(REQUIRED ACTION):
Write each line below back out exactly, omitting its pictures.

(MATERIAL SHOWN):
━━━━━━━━━━
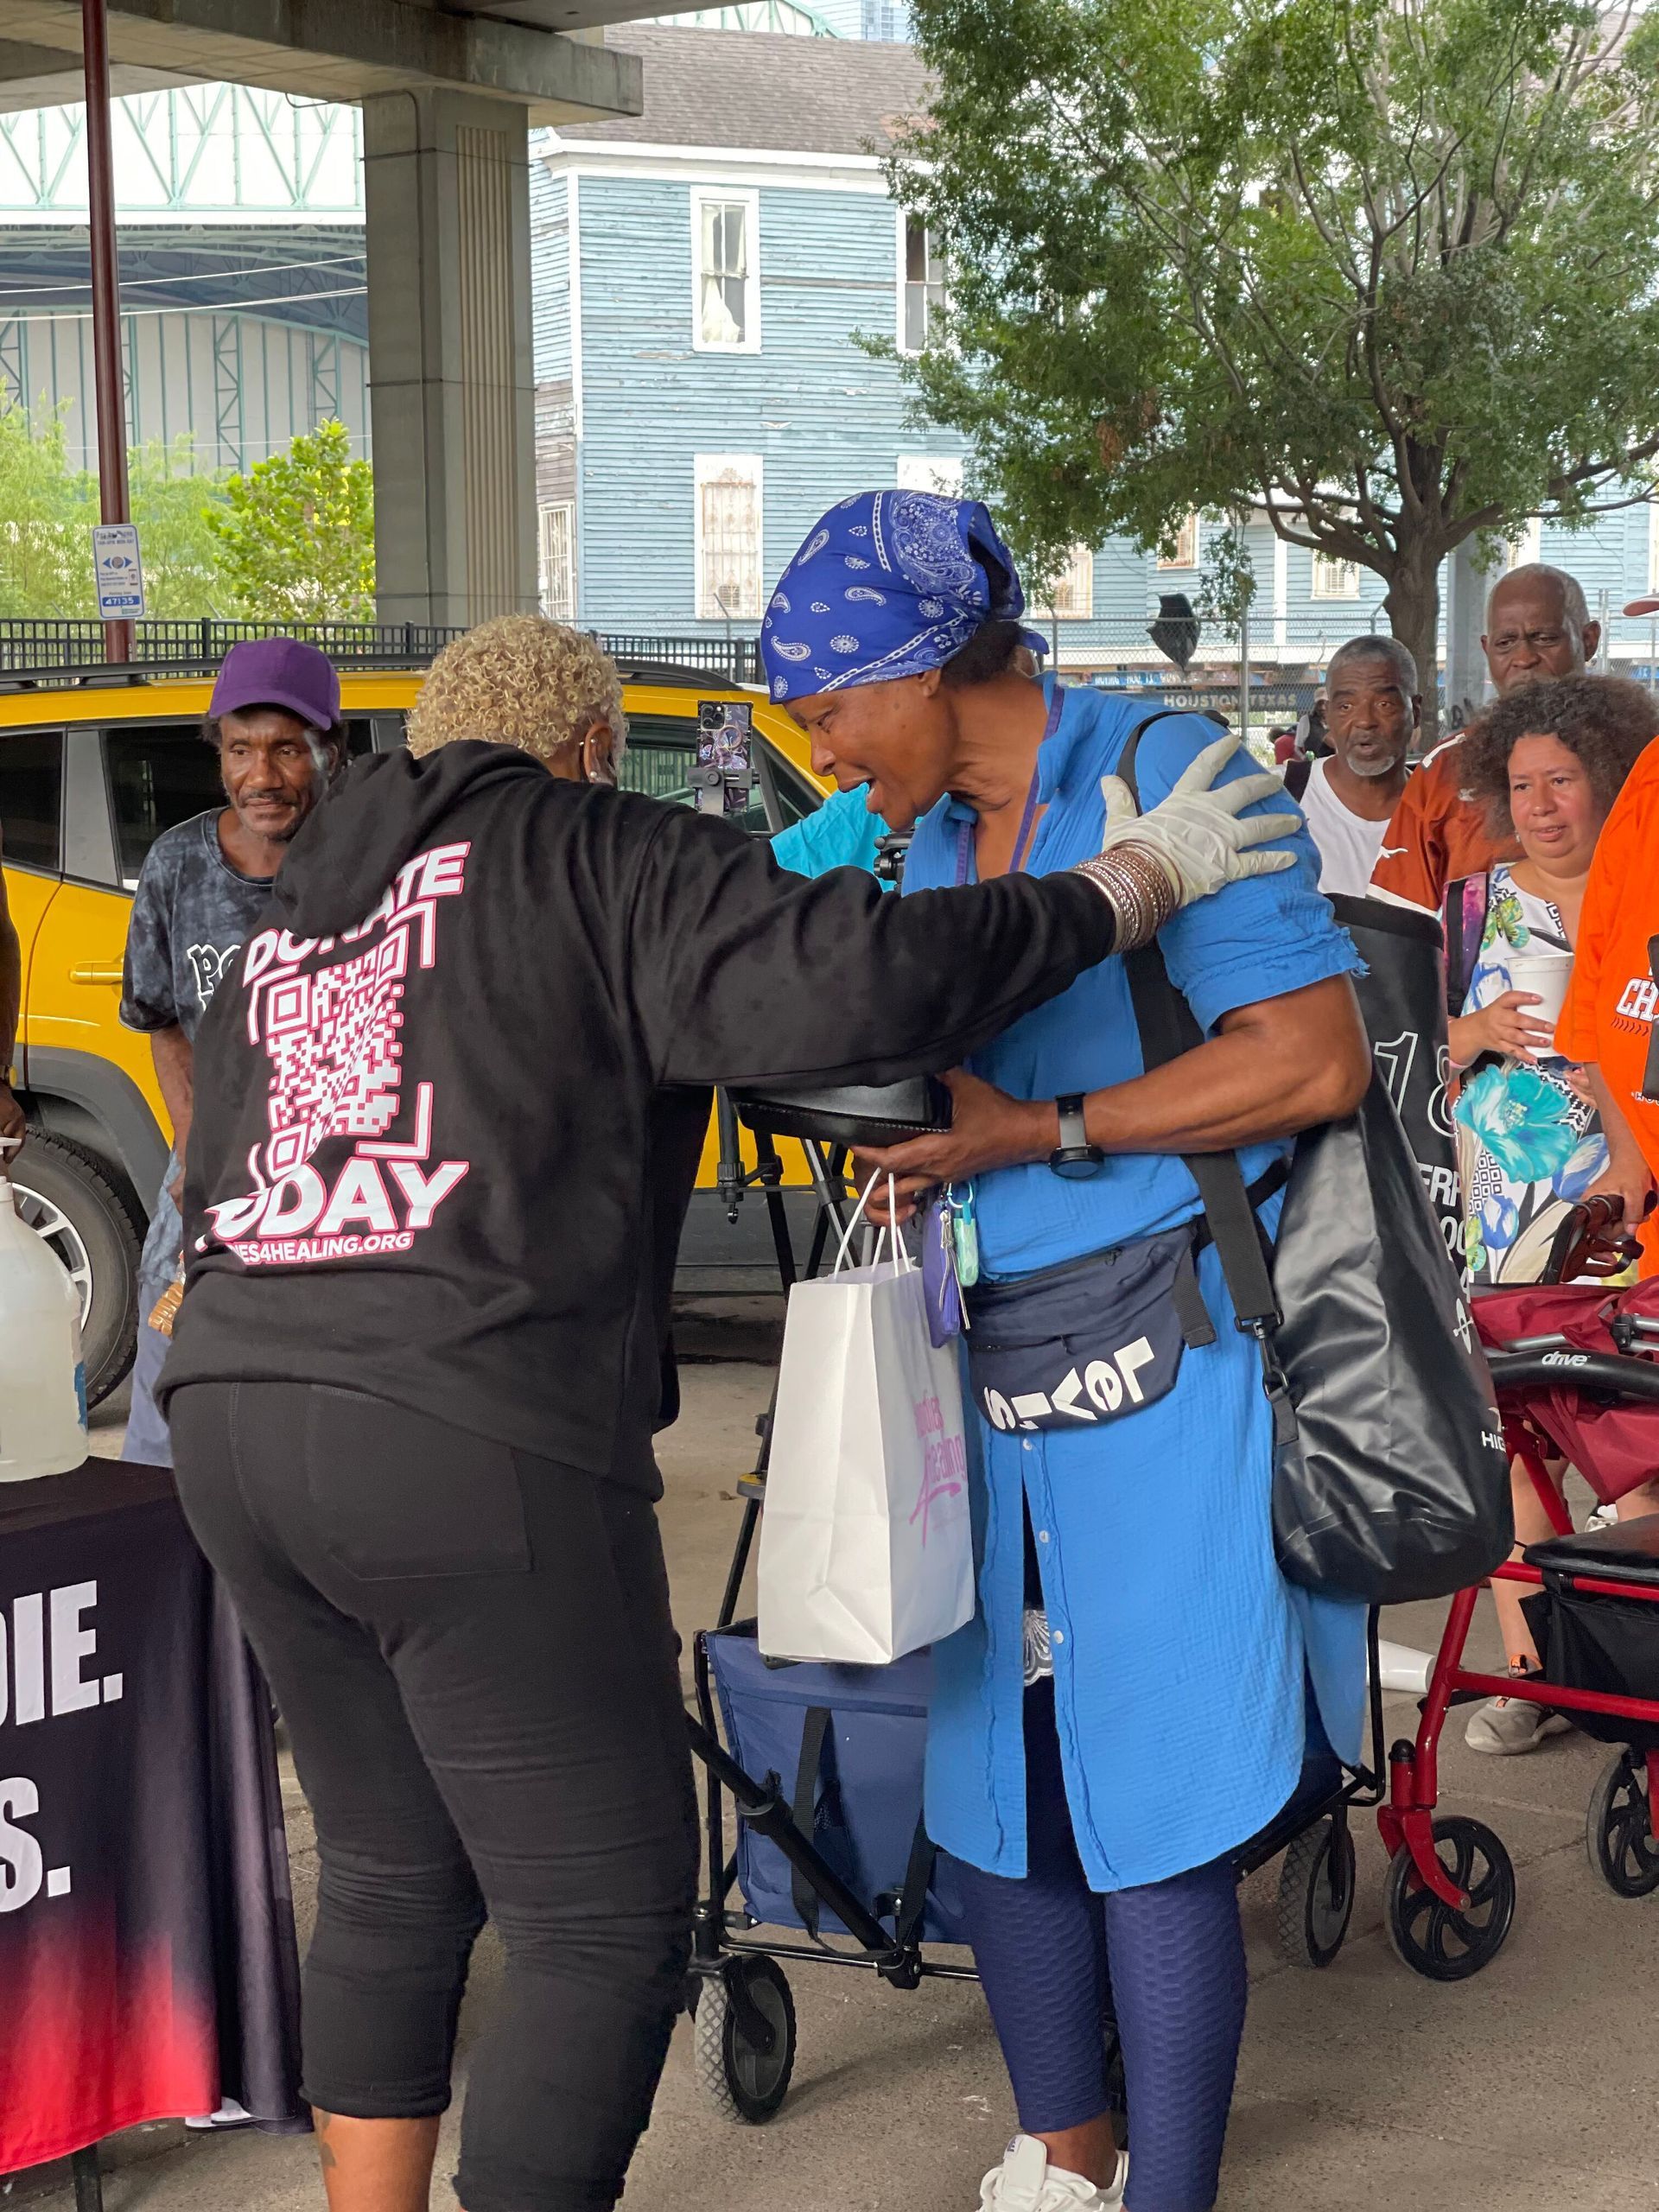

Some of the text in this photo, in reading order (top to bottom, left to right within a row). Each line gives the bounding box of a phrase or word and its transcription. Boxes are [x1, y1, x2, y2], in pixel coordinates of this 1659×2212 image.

[1164, 694, 1296, 707] HOUSTON TEXAS
[1541, 1351, 1588, 1366] drive
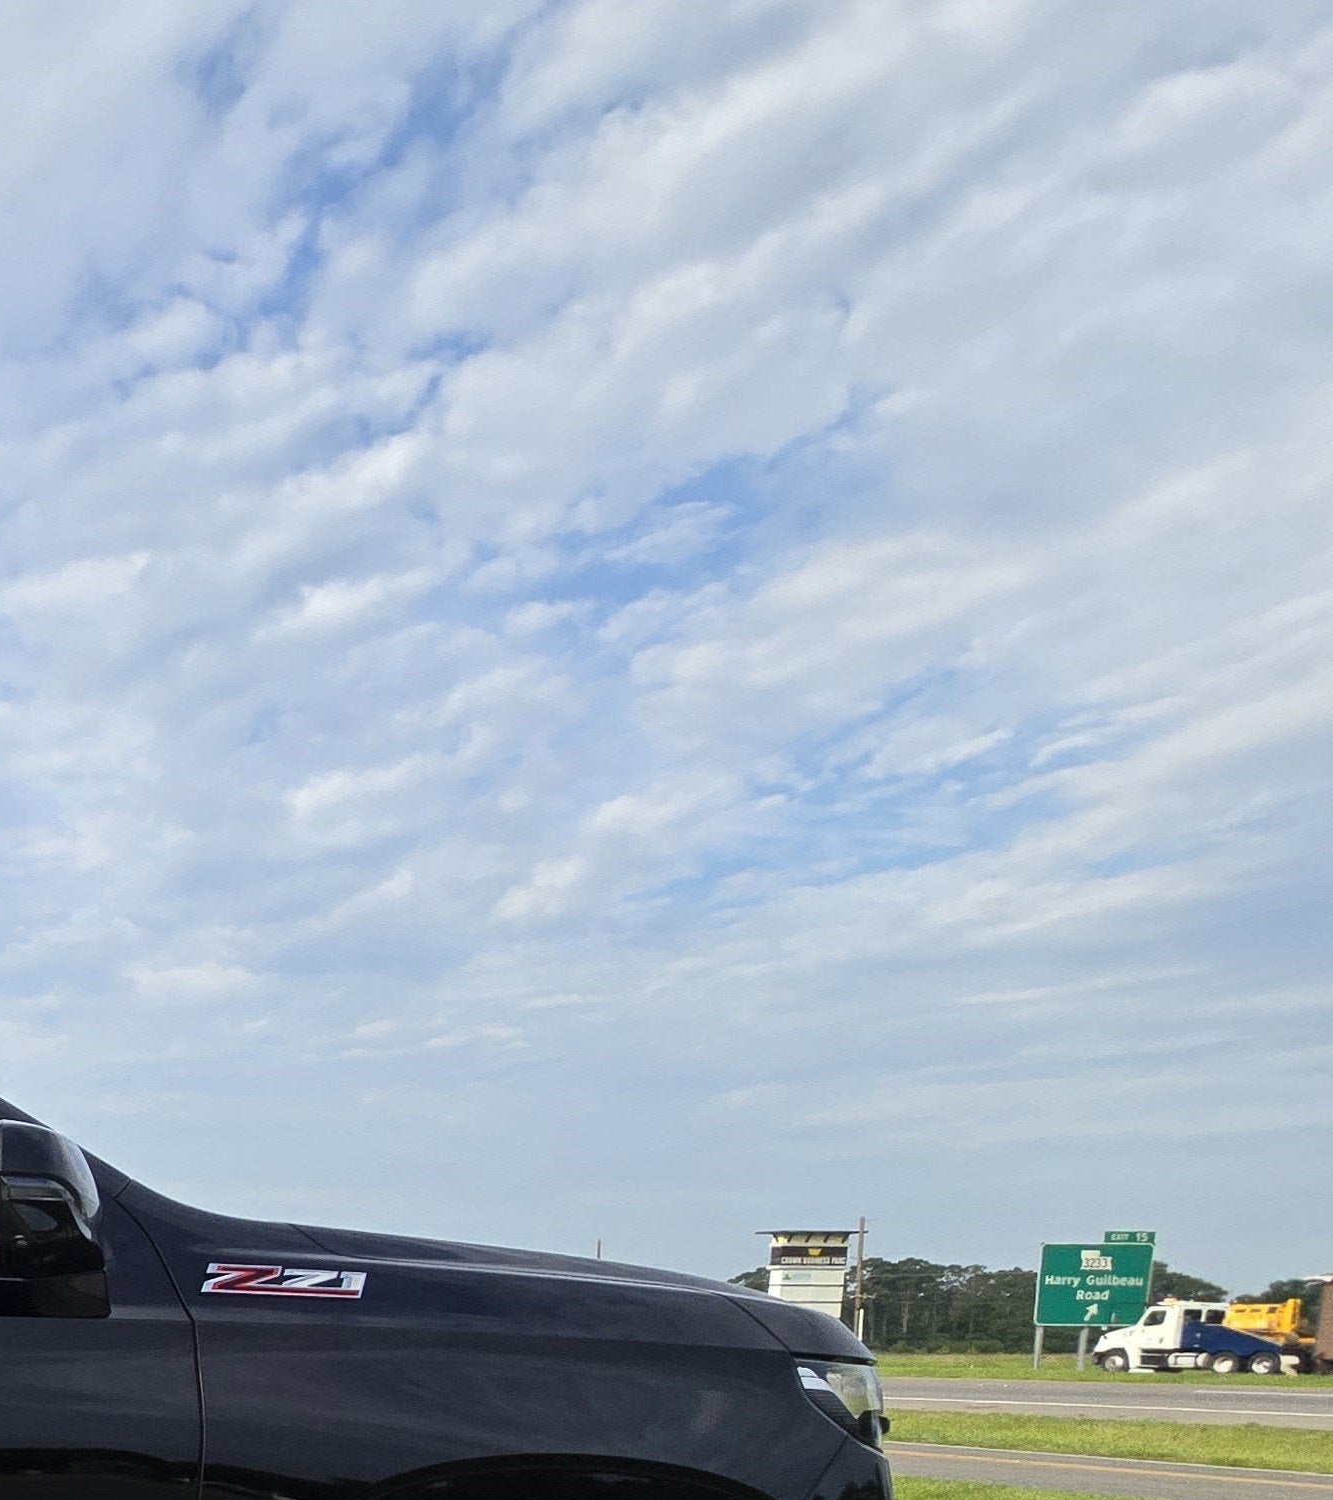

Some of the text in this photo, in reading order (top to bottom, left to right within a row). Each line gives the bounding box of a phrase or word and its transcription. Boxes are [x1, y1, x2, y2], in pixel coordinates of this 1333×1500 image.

[1135, 1232, 1149, 1242] 15
[201, 1263, 367, 1298] Z71
[1045, 1274, 1144, 1288] Harry Guilbeau
[1076, 1289, 1110, 1301] Road
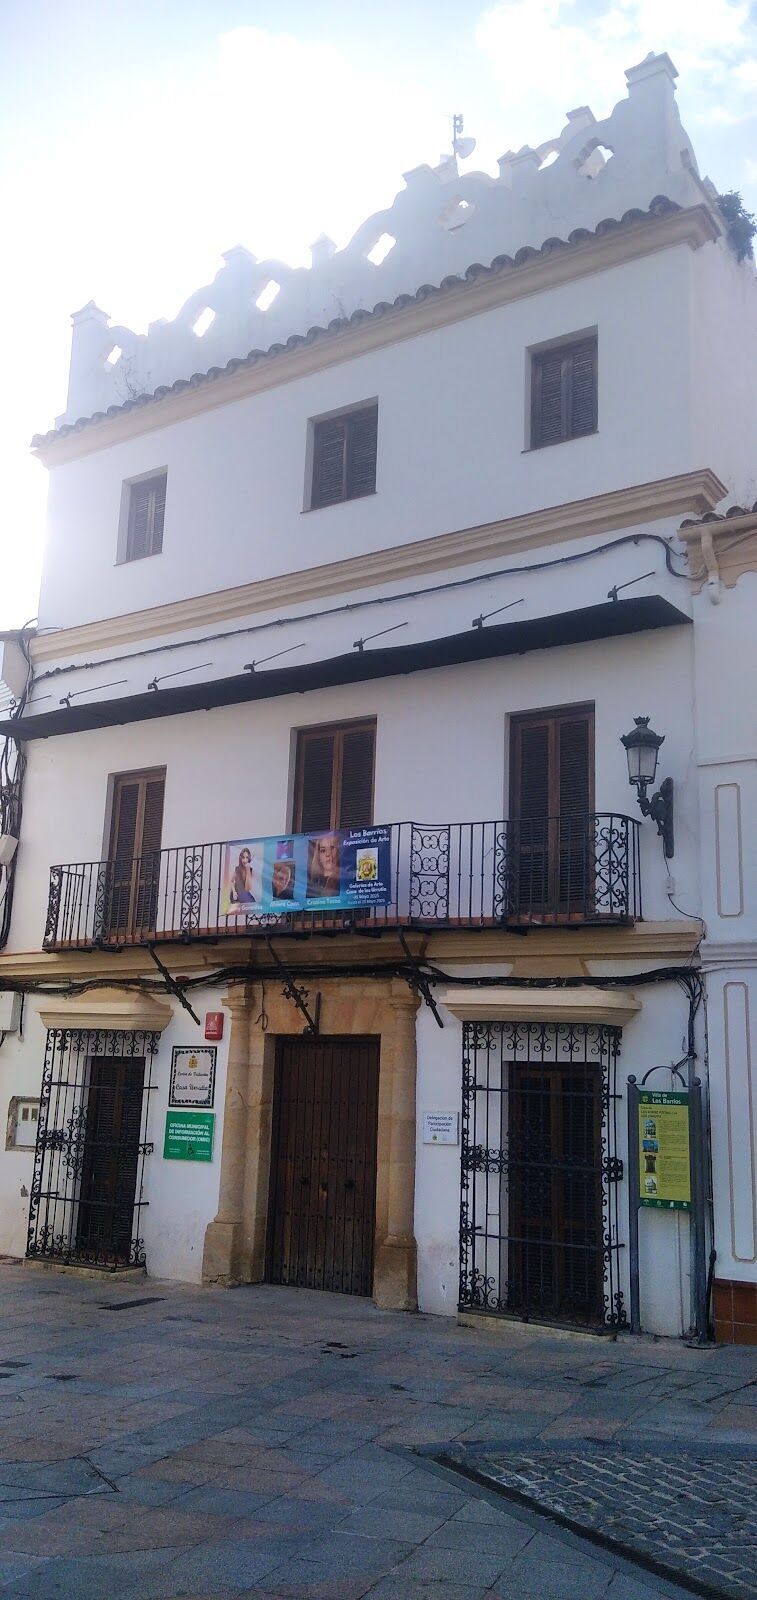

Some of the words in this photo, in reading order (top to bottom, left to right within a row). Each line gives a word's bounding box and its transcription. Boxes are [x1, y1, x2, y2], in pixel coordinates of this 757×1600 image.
━━━━━━━━━━
(COMPLETED EXERCISE):
Some of the text in this photo, in reading order (top to bottom, left to right within a row). Each line gives the bounding box of a phrase or word and its transcription. Boxes are [x1, y1, x2, y2], in pixel coordinates of this 1659×2212 image.

[1164, 694, 1296, 707] HOUSTON TEXAS
[1541, 1351, 1588, 1366] drive

Some of the text in this photo, in reading order (top to bottom, left to right within a row). Each line gives the bounding box of a phrase or word and its transcription. Boxes are [x1, y1, x2, y2], in pixel coordinates of this 1333×1500 image.

[1135, 1232, 1149, 1242] 15
[201, 1263, 367, 1298] Z71
[1045, 1274, 1144, 1288] Harry Guilbeau
[1076, 1289, 1110, 1301] Road

Some of the words in this photo, in reading order (top to bottom, left to right within a row). Each line gives a word's bounding box and its transcription. Boxes are [x1, y1, x2, y2], in pixel coordinates of this 757×1600 image.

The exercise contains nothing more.